SOURCE MATERIAL:
----

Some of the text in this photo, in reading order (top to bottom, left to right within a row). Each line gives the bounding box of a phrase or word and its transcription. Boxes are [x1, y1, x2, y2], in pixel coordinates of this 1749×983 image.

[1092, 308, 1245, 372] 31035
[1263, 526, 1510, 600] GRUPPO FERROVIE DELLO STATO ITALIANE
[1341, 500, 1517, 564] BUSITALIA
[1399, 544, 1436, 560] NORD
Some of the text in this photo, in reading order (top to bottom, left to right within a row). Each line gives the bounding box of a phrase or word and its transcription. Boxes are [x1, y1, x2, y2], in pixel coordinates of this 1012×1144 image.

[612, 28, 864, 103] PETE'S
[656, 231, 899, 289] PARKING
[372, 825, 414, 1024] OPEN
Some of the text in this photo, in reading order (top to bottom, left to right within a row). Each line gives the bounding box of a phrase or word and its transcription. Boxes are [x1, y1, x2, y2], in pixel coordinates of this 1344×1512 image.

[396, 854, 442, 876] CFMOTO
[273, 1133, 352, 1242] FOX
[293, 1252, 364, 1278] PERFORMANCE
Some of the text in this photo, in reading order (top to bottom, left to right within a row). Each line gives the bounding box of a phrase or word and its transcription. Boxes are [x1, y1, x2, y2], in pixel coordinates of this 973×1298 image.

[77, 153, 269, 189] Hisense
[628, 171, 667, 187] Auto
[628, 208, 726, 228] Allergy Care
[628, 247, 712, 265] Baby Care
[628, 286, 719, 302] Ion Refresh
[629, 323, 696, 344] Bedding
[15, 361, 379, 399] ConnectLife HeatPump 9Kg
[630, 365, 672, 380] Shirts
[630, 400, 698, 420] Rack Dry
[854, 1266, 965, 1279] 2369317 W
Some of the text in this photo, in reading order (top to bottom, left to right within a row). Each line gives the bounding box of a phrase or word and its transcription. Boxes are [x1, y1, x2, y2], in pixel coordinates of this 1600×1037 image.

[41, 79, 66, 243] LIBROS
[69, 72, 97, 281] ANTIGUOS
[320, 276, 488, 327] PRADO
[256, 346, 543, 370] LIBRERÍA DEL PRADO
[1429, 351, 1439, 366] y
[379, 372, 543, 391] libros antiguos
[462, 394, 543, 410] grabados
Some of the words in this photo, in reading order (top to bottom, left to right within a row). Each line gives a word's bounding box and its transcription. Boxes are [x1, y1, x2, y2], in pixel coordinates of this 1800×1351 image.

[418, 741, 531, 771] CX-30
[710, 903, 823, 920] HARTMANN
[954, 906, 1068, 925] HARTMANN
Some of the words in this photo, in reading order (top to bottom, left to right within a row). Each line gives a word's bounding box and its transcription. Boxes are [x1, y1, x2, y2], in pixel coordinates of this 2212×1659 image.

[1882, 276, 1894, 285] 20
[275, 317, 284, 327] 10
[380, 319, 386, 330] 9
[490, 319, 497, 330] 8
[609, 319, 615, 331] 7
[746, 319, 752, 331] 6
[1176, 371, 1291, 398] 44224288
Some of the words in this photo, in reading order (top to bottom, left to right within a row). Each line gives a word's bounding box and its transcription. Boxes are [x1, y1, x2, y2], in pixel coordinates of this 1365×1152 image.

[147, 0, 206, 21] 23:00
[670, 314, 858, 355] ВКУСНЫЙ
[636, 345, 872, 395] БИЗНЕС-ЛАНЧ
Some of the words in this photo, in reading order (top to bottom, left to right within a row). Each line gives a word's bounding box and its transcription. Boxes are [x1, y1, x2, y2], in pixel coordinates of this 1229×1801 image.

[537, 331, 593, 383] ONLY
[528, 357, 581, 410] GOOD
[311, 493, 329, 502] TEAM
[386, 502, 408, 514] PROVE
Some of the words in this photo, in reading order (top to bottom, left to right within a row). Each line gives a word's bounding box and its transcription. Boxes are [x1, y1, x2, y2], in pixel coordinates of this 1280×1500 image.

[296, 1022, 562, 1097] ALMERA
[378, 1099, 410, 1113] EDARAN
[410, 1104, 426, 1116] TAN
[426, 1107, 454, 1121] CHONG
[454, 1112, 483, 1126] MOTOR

----

WORK ITEM:
Transcribe the records above exactly as they appear.

REPLY:
Some of the text in this photo, in reading order (top to bottom, left to right within a row). Each line gives the bounding box of a phrase or word and its transcription. Boxes are [x1, y1, x2, y2], in pixel coordinates of this 1749×983 image.

[1092, 308, 1245, 372] 31035
[1263, 526, 1510, 600] GRUPPO FERROVIE DELLO STATO ITALIANE
[1341, 500, 1517, 564] BUSITALIA
[1399, 544, 1436, 560] NORD
Some of the text in this photo, in reading order (top to bottom, left to right within a row). Each line gives the bounding box of a phrase or word and its transcription. Boxes are [x1, y1, x2, y2], in pixel coordinates of this 1012×1144 image.

[612, 28, 864, 103] PETE'S
[656, 231, 899, 289] PARKING
[372, 825, 414, 1024] OPEN
Some of the text in this photo, in reading order (top to bottom, left to right within a row). Each line gives the bounding box of a phrase or word and its transcription. Boxes are [x1, y1, x2, y2], in pixel coordinates of this 1344×1512 image.

[396, 854, 442, 876] CFMOTO
[273, 1133, 352, 1242] FOX
[293, 1252, 364, 1278] PERFORMANCE
Some of the text in this photo, in reading order (top to bottom, left to right within a row). Each line gives the bounding box of a phrase or word and its transcription. Boxes are [x1, y1, x2, y2], in pixel coordinates of this 973×1298 image.

[77, 153, 269, 189] Hisense
[628, 171, 667, 187] Auto
[628, 208, 726, 228] Allergy Care
[628, 247, 712, 265] Baby Care
[628, 286, 719, 302] Ion Refresh
[629, 323, 696, 344] Bedding
[15, 361, 379, 399] ConnectLife HeatPump 9Kg
[630, 365, 672, 380] Shirts
[630, 400, 698, 420] Rack Dry
[854, 1266, 965, 1279] 2369317 W
Some of the text in this photo, in reading order (top to bottom, left to right within a row). Each line gives the bounding box of a phrase or word and its transcription. Boxes are [x1, y1, x2, y2], in pixel coordinates of this 1600×1037 image.

[41, 79, 66, 243] LIBROS
[69, 72, 97, 281] ANTIGUOS
[320, 276, 488, 327] PRADO
[256, 346, 543, 370] LIBRERÍA DEL PRADO
[1429, 351, 1439, 366] y
[379, 372, 543, 391] libros antiguos
[462, 394, 543, 410] grabados
Some of the words in this photo, in reading order (top to bottom, left to right within a row). Each line gives a word's bounding box and its transcription. Boxes are [x1, y1, x2, y2], in pixel coordinates of this 1800×1351 image.

[418, 741, 531, 771] CX-30
[710, 903, 823, 920] HARTMANN
[954, 906, 1068, 925] HARTMANN
Some of the words in this photo, in reading order (top to bottom, left to right within a row). Each line gives a word's bounding box and its transcription. Boxes are [x1, y1, x2, y2], in pixel coordinates of this 2212×1659 image.

[1882, 276, 1894, 285] 20
[275, 317, 284, 327] 10
[380, 319, 386, 330] 9
[490, 319, 497, 330] 8
[609, 319, 615, 331] 7
[746, 319, 752, 331] 6
[1176, 371, 1291, 398] 44224288
Some of the words in this photo, in reading order (top to bottom, left to right within a row). Each line gives a word's bounding box and its transcription. Boxes are [x1, y1, x2, y2], in pixel coordinates of this 1365×1152 image.

[147, 0, 206, 21] 23:00
[670, 314, 858, 355] ВКУСНЫЙ
[636, 345, 872, 395] БИЗНЕС-ЛАНЧ
Some of the words in this photo, in reading order (top to bottom, left to right within a row). Each line gives a word's bounding box and its transcription. Boxes are [x1, y1, x2, y2], in pixel coordinates of this 1229×1801 image.

[537, 331, 593, 383] ONLY
[528, 357, 581, 410] GOOD
[311, 493, 329, 502] TEAM
[386, 502, 408, 514] PROVE
Some of the words in this photo, in reading order (top to bottom, left to right within a row). Each line gives a word's bounding box and its transcription. Boxes are [x1, y1, x2, y2], in pixel coordinates of this 1280×1500 image.

[296, 1022, 562, 1097] ALMERA
[378, 1099, 410, 1113] EDARAN
[410, 1104, 426, 1116] TAN
[426, 1107, 454, 1121] CHONG
[454, 1112, 483, 1126] MOTOR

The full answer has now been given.